Available records: Begin

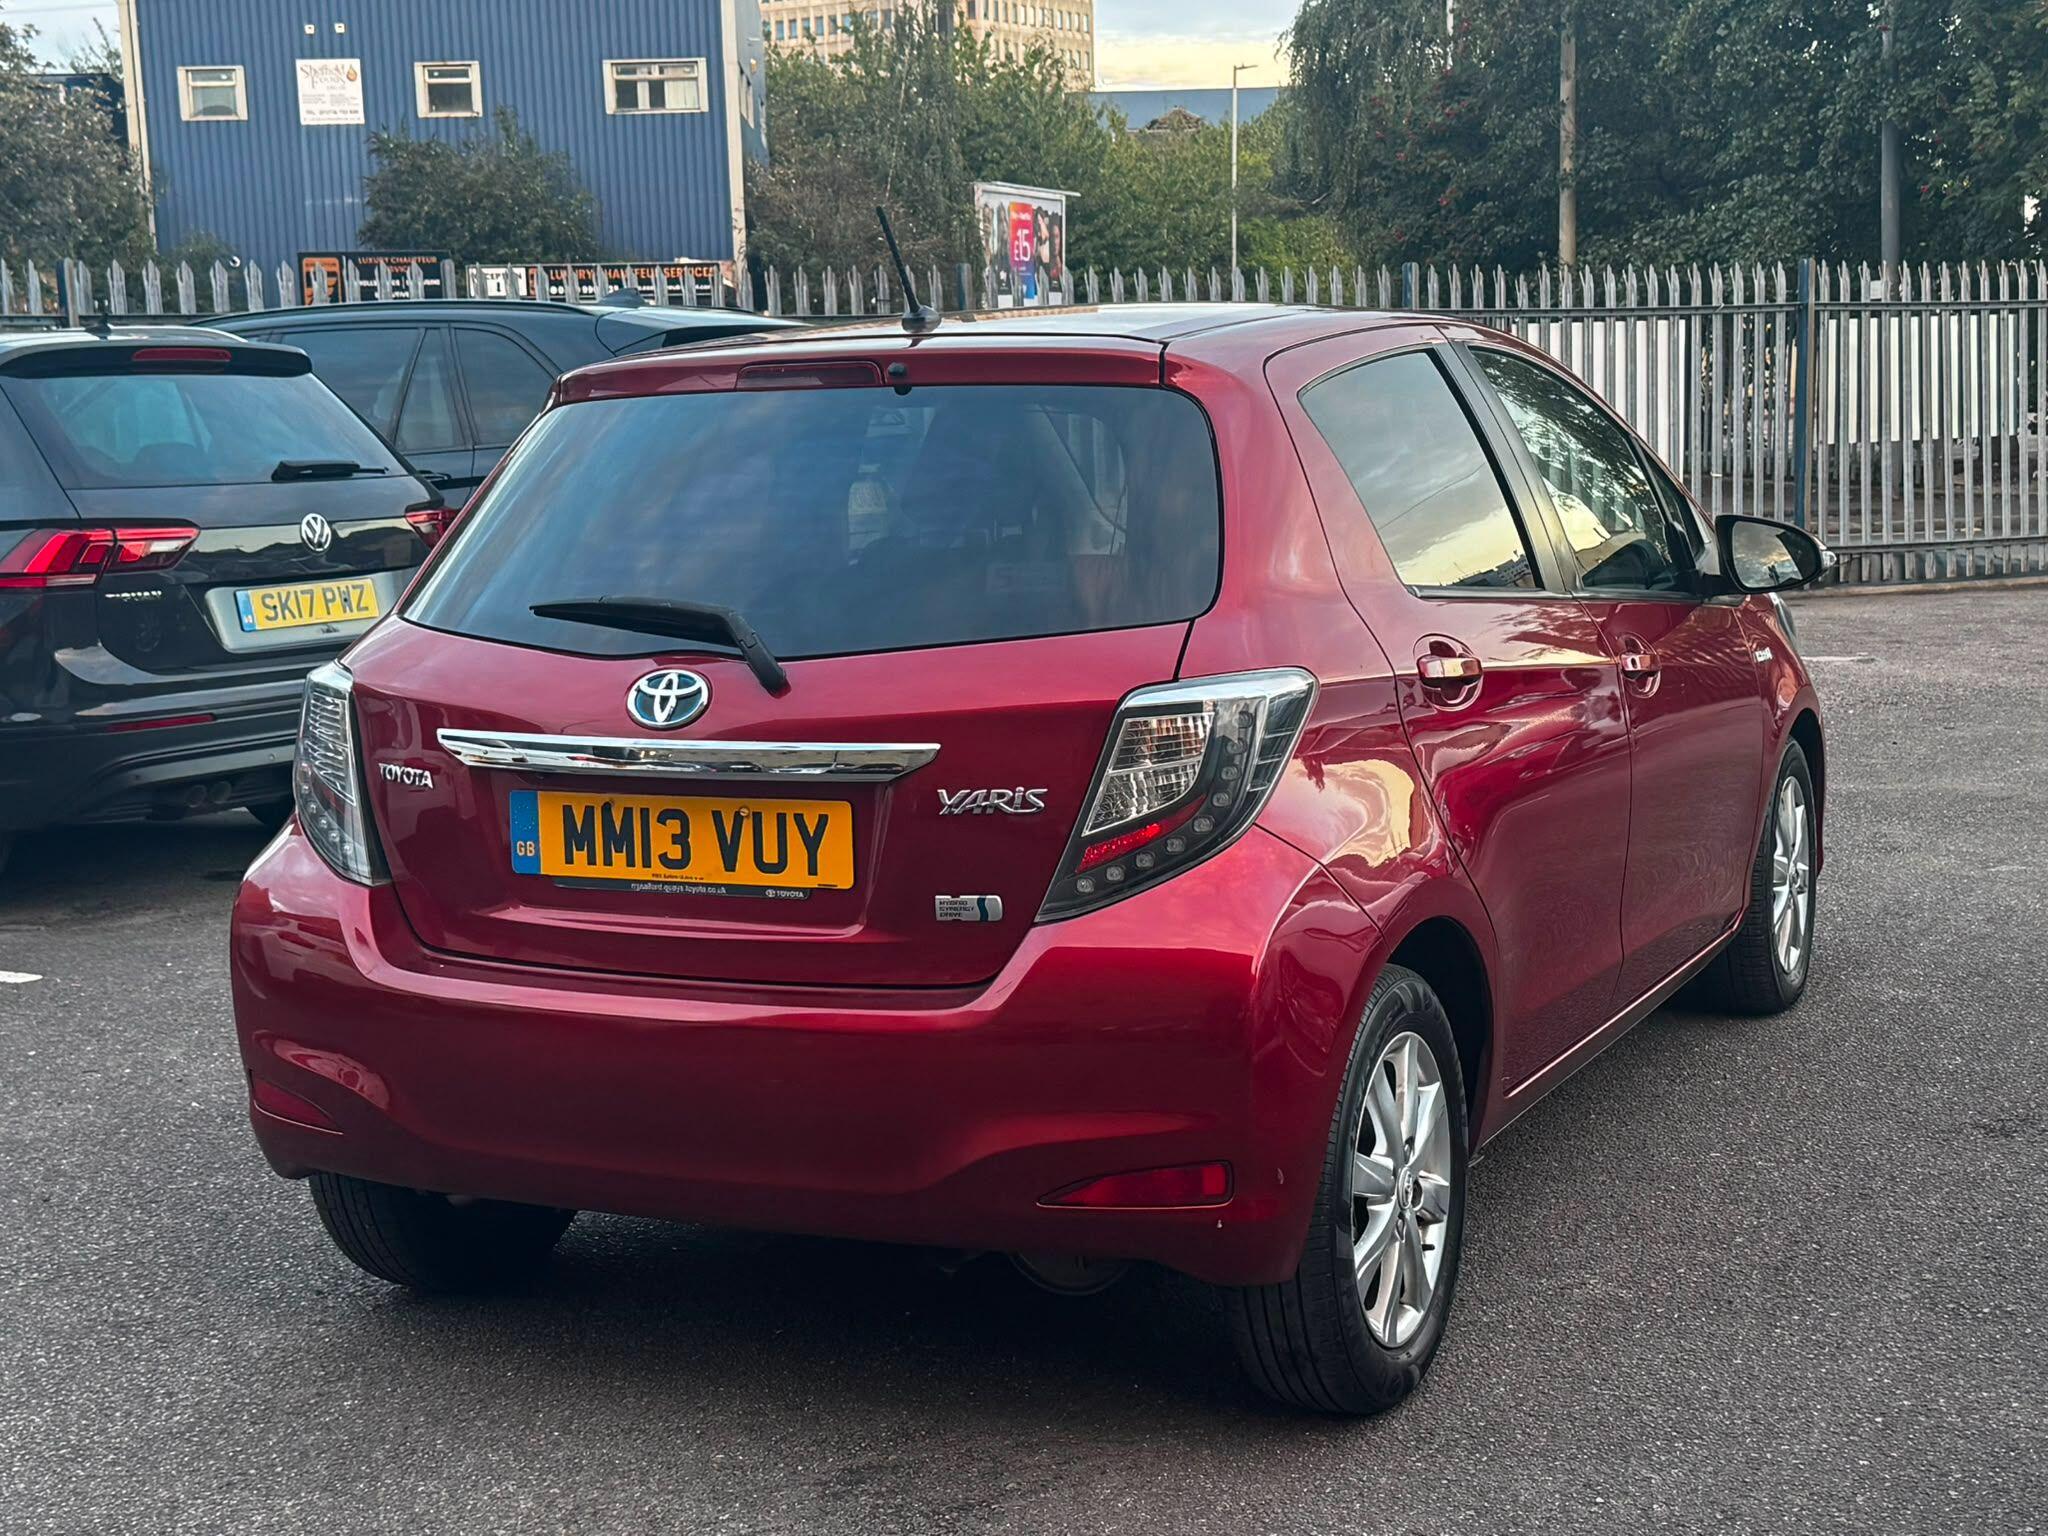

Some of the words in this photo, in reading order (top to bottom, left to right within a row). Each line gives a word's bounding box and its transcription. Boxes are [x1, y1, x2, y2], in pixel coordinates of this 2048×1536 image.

[260, 588, 315, 622] SK17
[321, 583, 370, 616] PWZ
[378, 762, 434, 789] TOYOTA
[516, 840, 536, 857] GB
[562, 803, 692, 871] MM13
[711, 809, 830, 877] VUY
[776, 890, 804, 898] TOYOTA
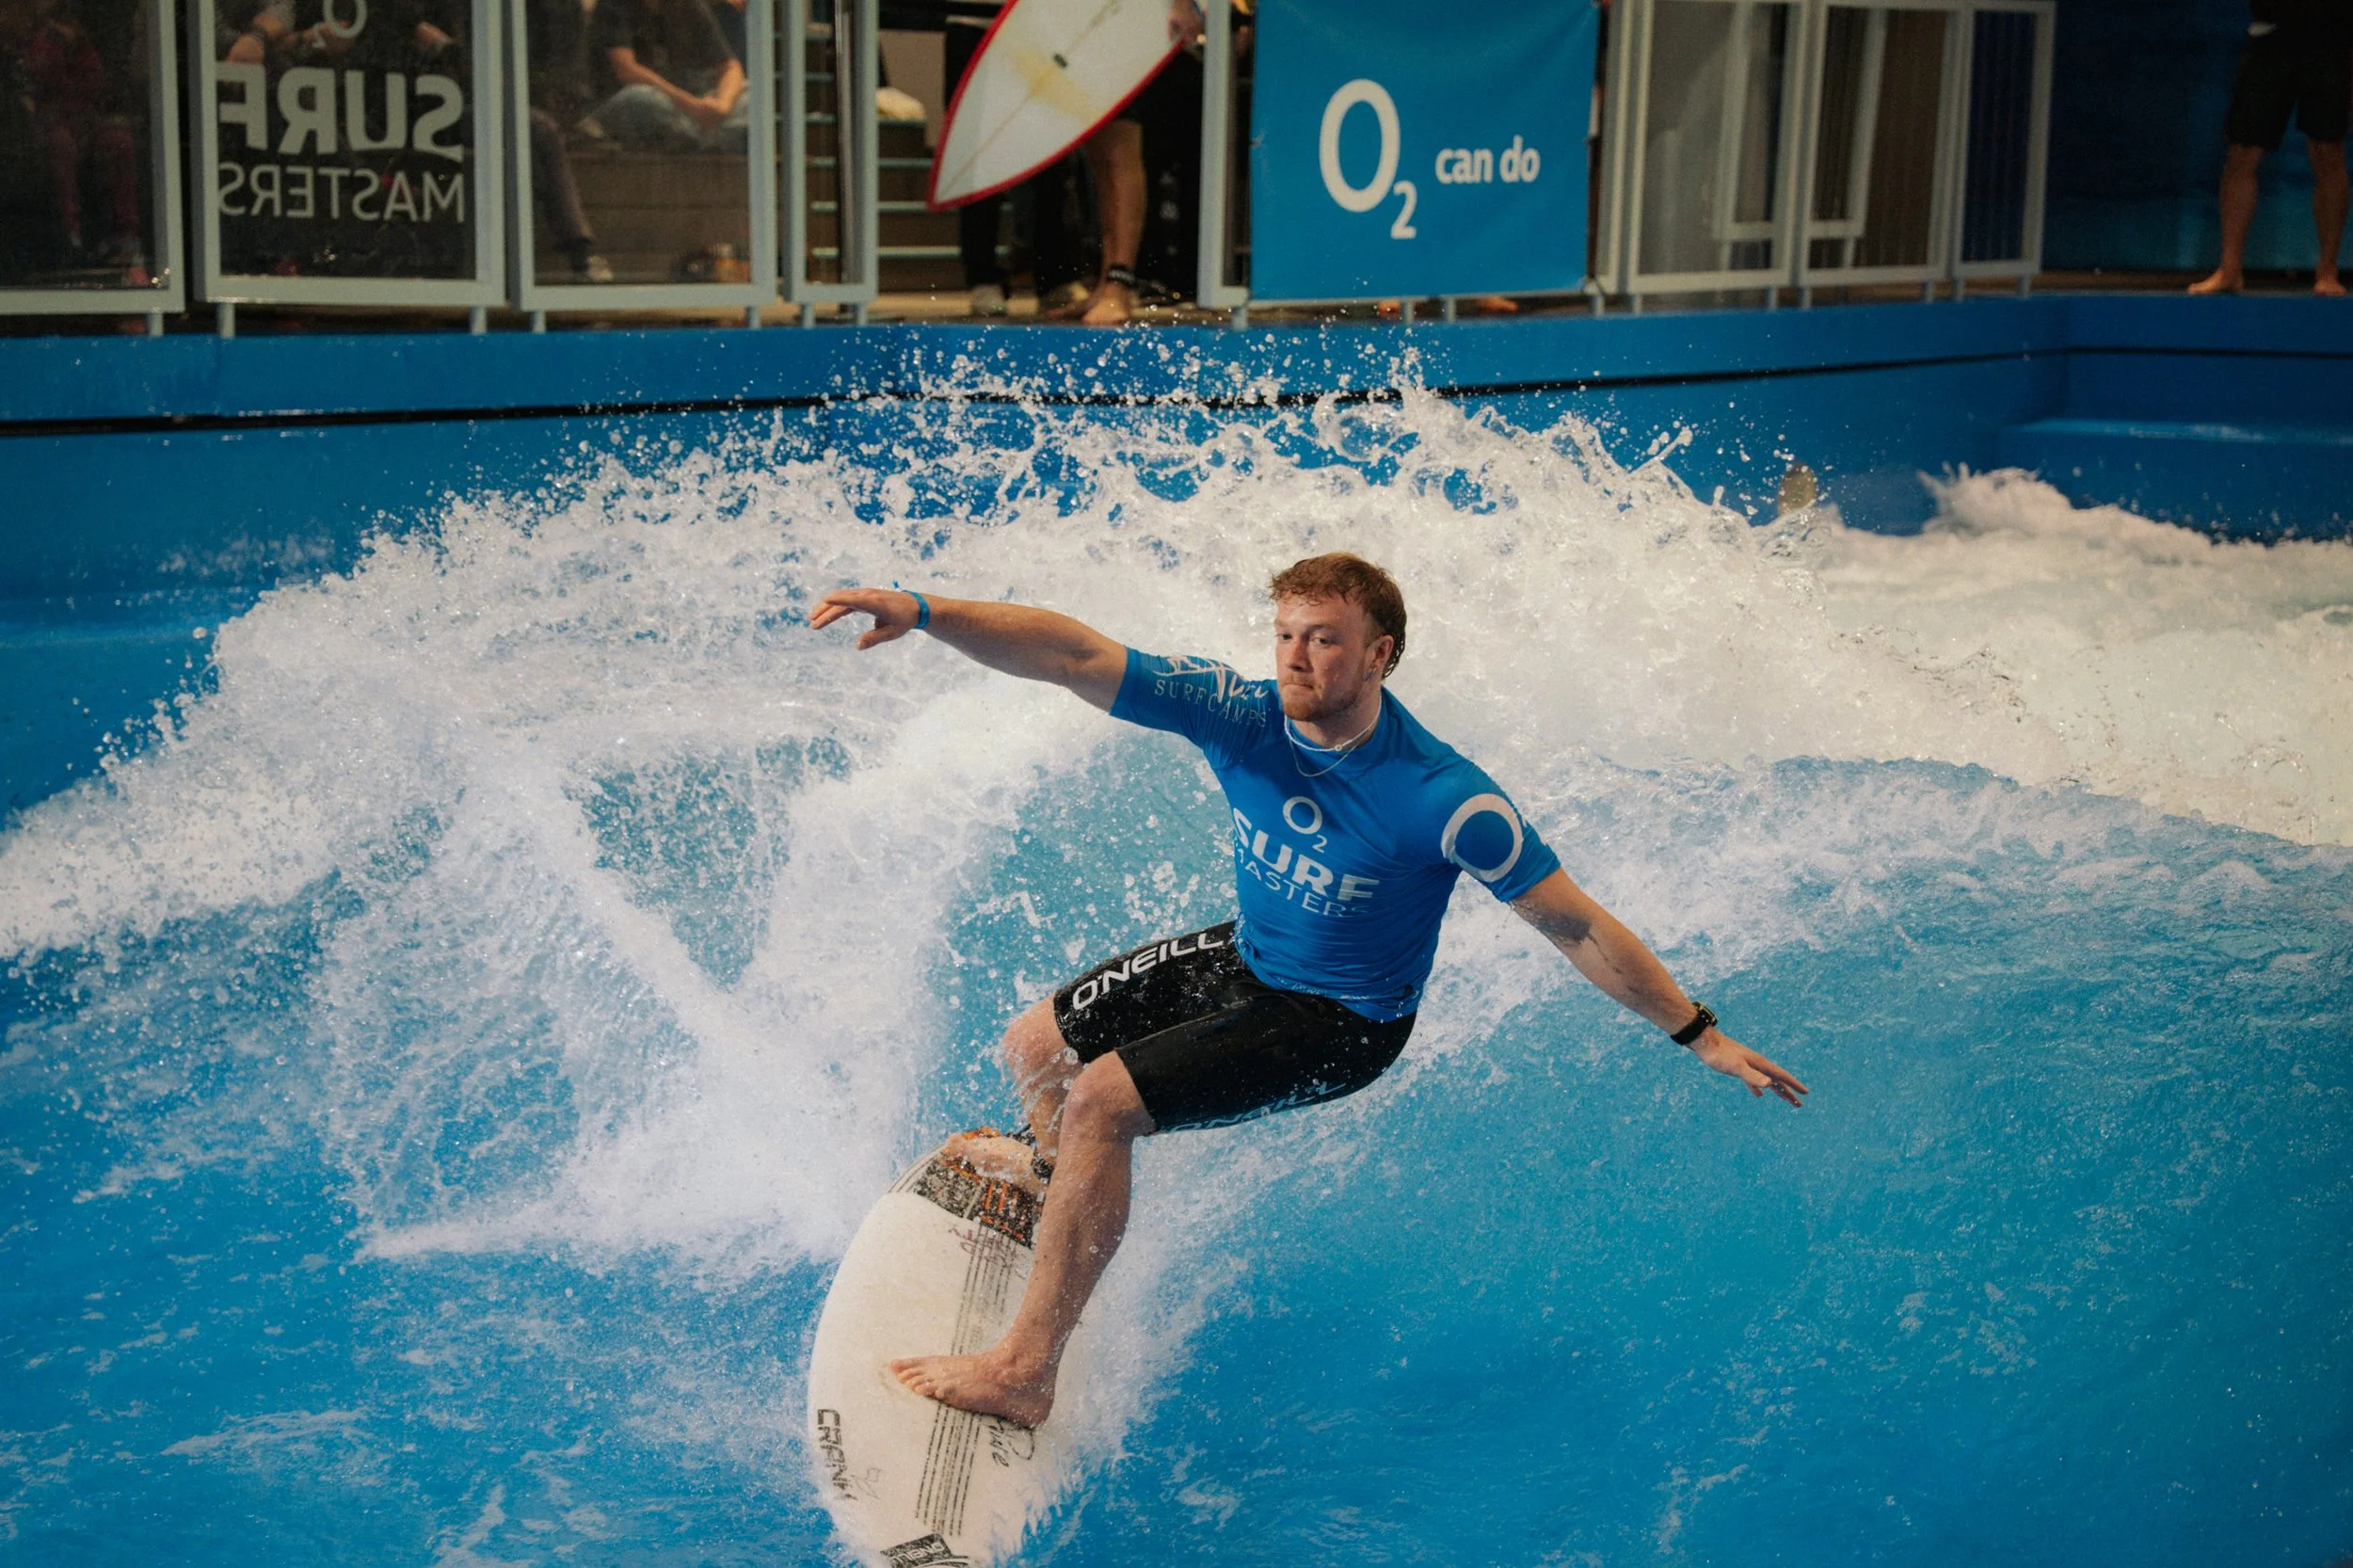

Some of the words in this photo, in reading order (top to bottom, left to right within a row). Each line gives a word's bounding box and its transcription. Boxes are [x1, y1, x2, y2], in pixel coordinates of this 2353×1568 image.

[1319, 78, 1417, 240] O2
[1434, 147, 1494, 184] can
[1499, 135, 1542, 183] do
[1233, 808, 1380, 902] SURF
[1282, 795, 1328, 854] O2
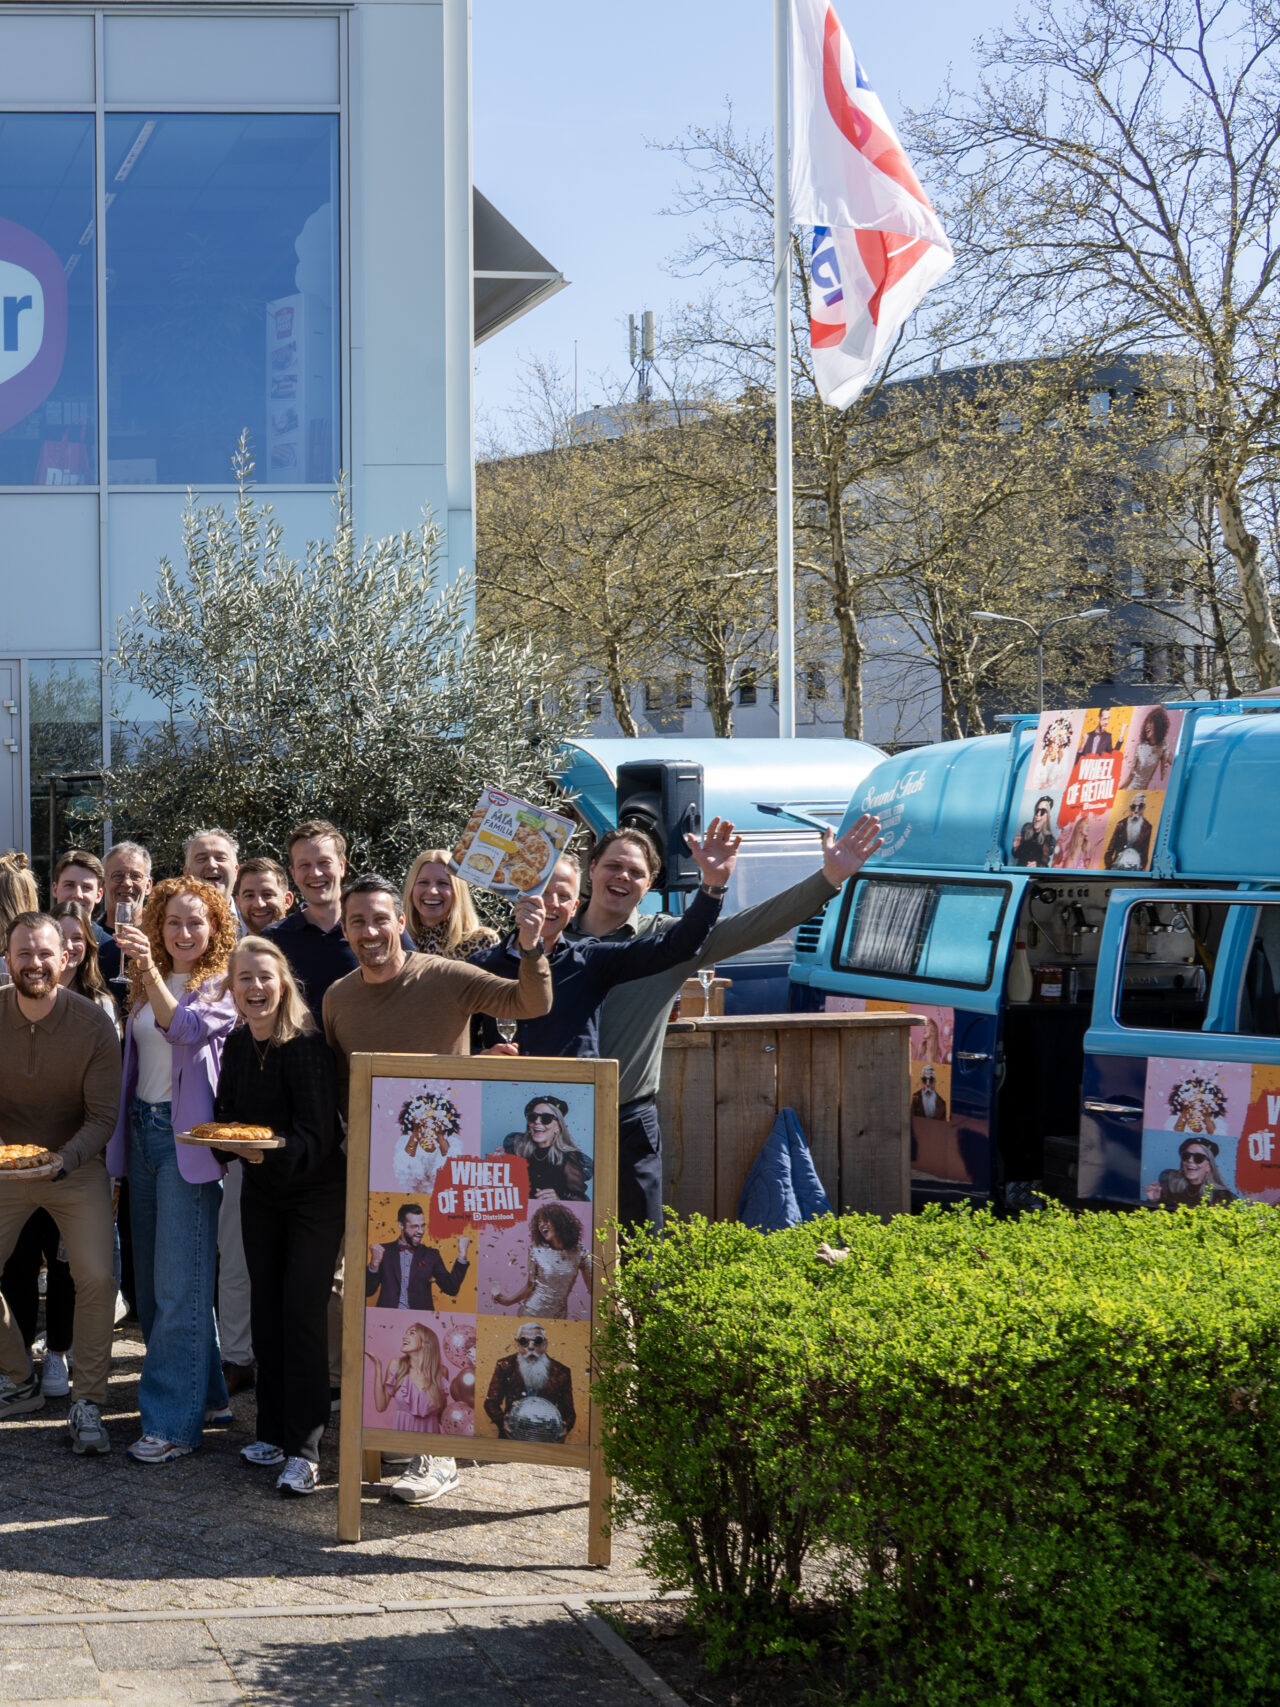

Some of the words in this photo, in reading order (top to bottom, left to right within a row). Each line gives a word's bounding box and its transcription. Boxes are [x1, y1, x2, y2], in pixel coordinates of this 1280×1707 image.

[1078, 758, 1115, 780] WHEEL
[861, 779, 900, 812] Sound
[1066, 784, 1081, 805] OF
[1080, 779, 1115, 803] RETAIL
[483, 819, 514, 837] FAMILIA
[491, 811, 513, 828] MIA
[1248, 1130, 1276, 1161] OF
[451, 1161, 513, 1187] WHEEL
[438, 1191, 458, 1214] OF
[463, 1187, 524, 1212] RETAIL

Available records: End

## Exercise description
Without the pictures, give every line above again exactly.

## Problem solution
Some of the words in this photo, in reading order (top to bottom, left to right within a row). Each line gives a word's bounding box and its transcription. Boxes are [x1, y1, x2, y2], in pixel coordinates of this 2048×1536 image.

[260, 588, 315, 622] SK17
[321, 583, 370, 616] PWZ
[378, 762, 434, 789] TOYOTA
[516, 840, 536, 857] GB
[562, 803, 692, 871] MM13
[711, 809, 830, 877] VUY
[776, 890, 804, 898] TOYOTA

Some of the words in this photo, in reading order (top to bottom, left to right within a row). Each line gives a word's bounding box and its transcription. Boxes are [x1, y1, x2, y2], in pixel coordinates of this 2353×1568 image.

[1319, 78, 1417, 240] O2
[1434, 147, 1494, 184] can
[1499, 135, 1542, 183] do
[1233, 808, 1380, 902] SURF
[1282, 795, 1328, 854] O2

Some of the words in this photo, in reading order (top to bottom, left to right within a row). Each line gives a word's bounding box and its transcription. Boxes are [x1, y1, x2, y2], in pixel coordinates of this 1280×1707 image.

[1078, 758, 1115, 780] WHEEL
[861, 779, 900, 812] Sound
[1066, 784, 1081, 805] OF
[1080, 779, 1115, 803] RETAIL
[483, 819, 514, 837] FAMILIA
[491, 811, 513, 828] MIA
[1248, 1130, 1276, 1161] OF
[451, 1161, 513, 1187] WHEEL
[438, 1191, 458, 1214] OF
[463, 1187, 524, 1212] RETAIL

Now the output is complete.